▶ [Problem requirements]: With the pictures left aside, write out the entries that follow exactly.

++++++

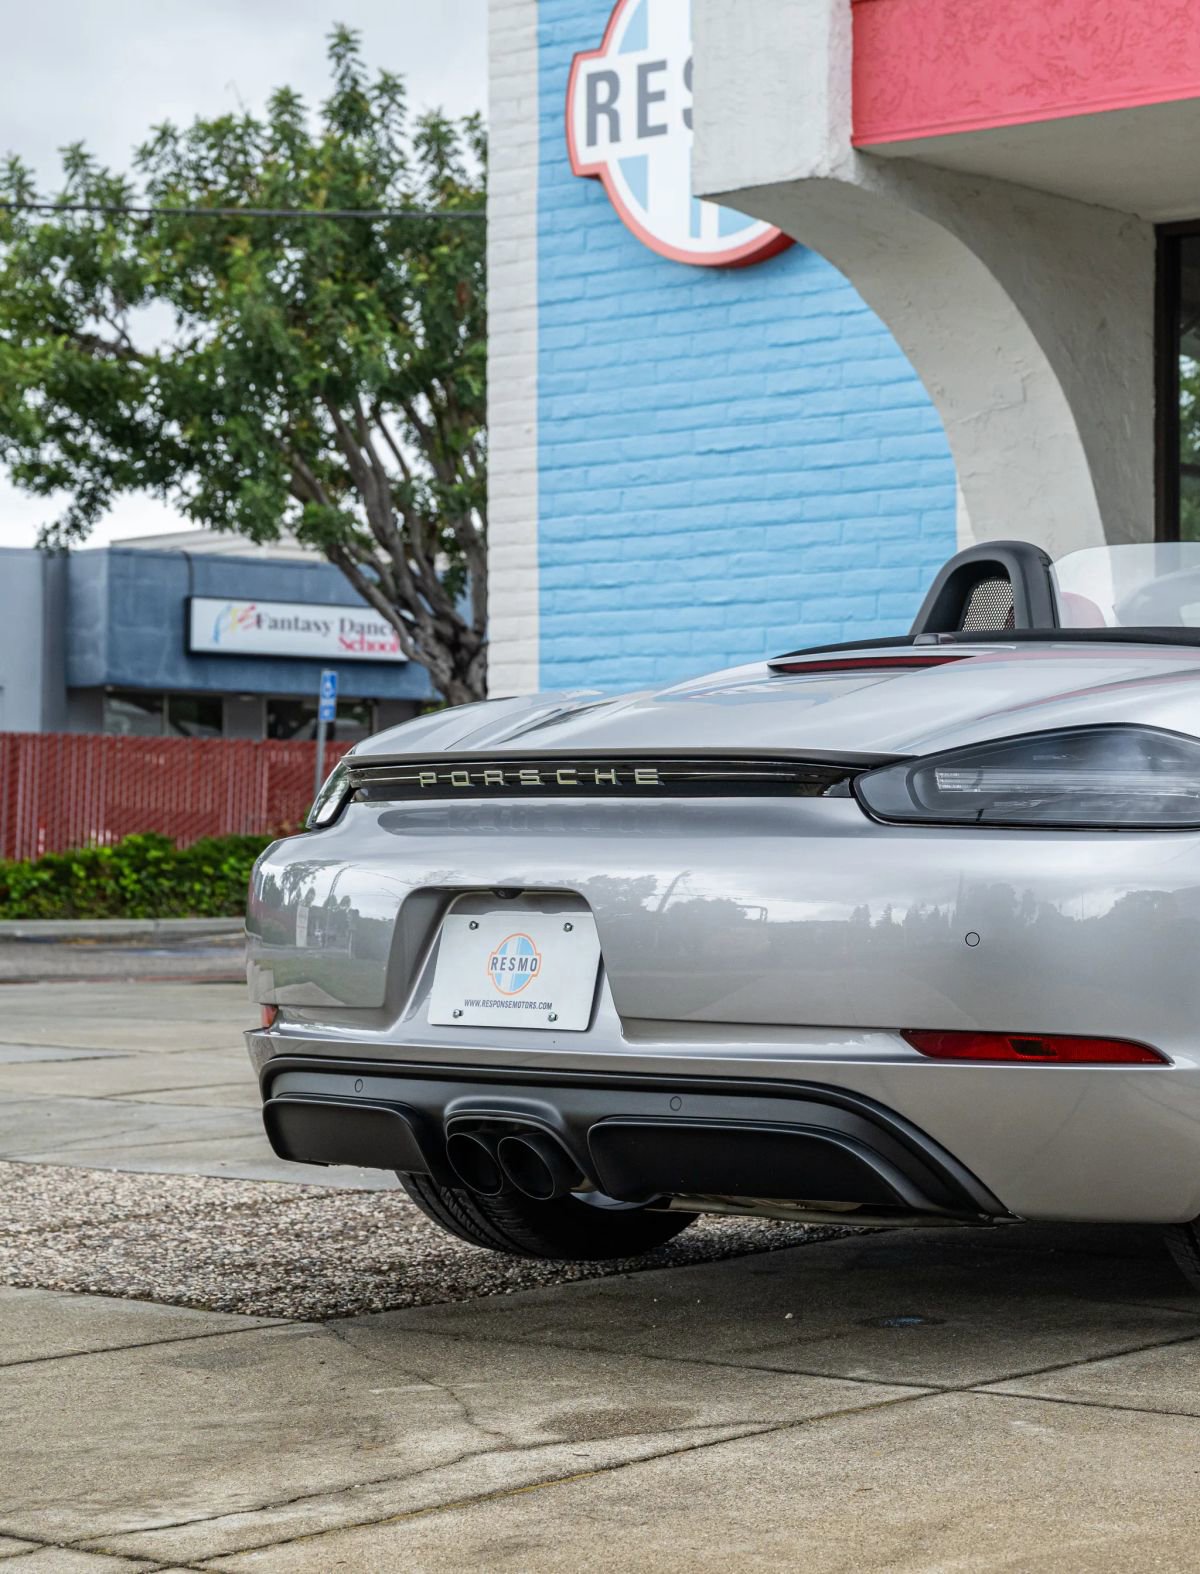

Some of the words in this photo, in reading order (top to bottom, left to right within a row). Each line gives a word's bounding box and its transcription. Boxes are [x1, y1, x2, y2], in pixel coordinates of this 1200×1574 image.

[255, 613, 331, 637] Fantasy
[419, 768, 660, 787] PORSCHE
[490, 956, 538, 972] RESMO
[464, 999, 552, 1010] WWW.RESPONSEMOTORS.COM
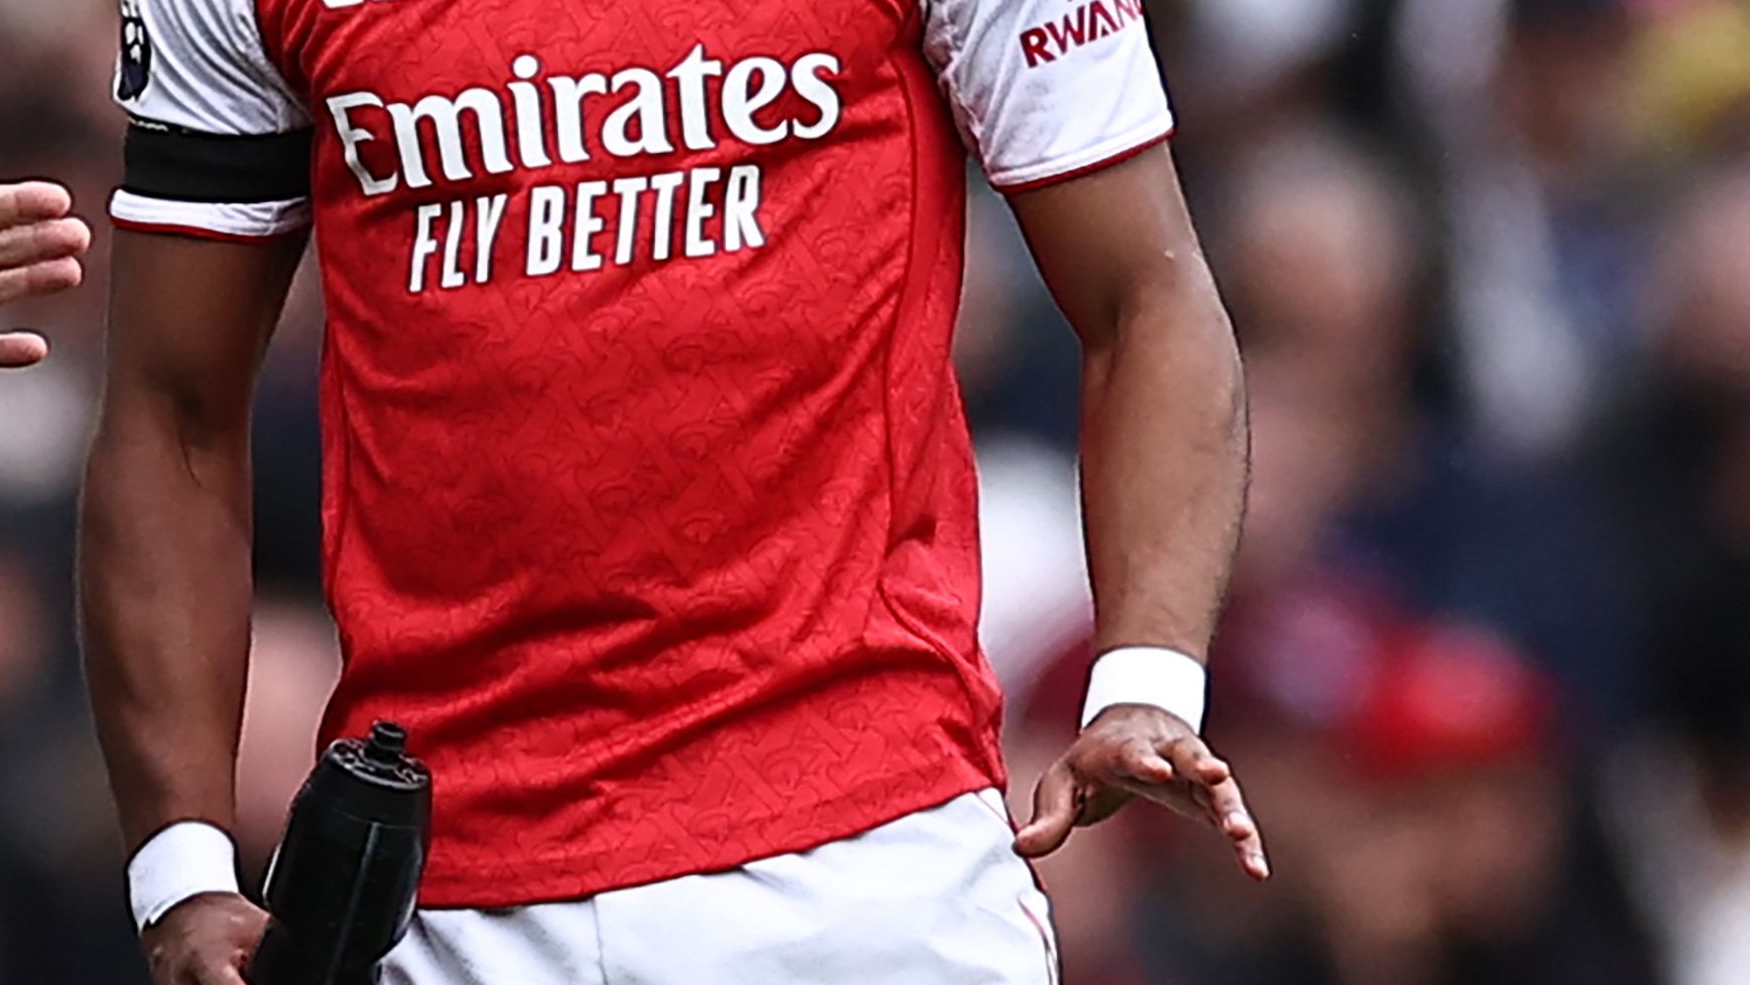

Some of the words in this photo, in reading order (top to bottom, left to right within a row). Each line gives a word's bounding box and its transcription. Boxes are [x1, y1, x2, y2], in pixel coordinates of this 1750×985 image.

[326, 43, 842, 196] Emirates
[409, 195, 507, 293] FLY
[526, 165, 766, 276] BETTER

++++++

▶ [Answer to this task]:
Some of the words in this photo, in reading order (top to bottom, left to right within a row). Each line gives a word's bounding box and its transcription. Boxes are [x1, y1, x2, y2], in pixel coordinates of this 1200×1574 image.

[255, 613, 331, 637] Fantasy
[419, 768, 660, 787] PORSCHE
[490, 956, 538, 972] RESMO
[464, 999, 552, 1010] WWW.RESPONSEMOTORS.COM

Some of the words in this photo, in reading order (top to bottom, left to right within a row). Each line gives a word's bounding box and its transcription. Boxes are [x1, y1, x2, y2], in pixel coordinates of this 1750×985 image.

[326, 43, 842, 196] Emirates
[409, 195, 507, 293] FLY
[526, 165, 766, 276] BETTER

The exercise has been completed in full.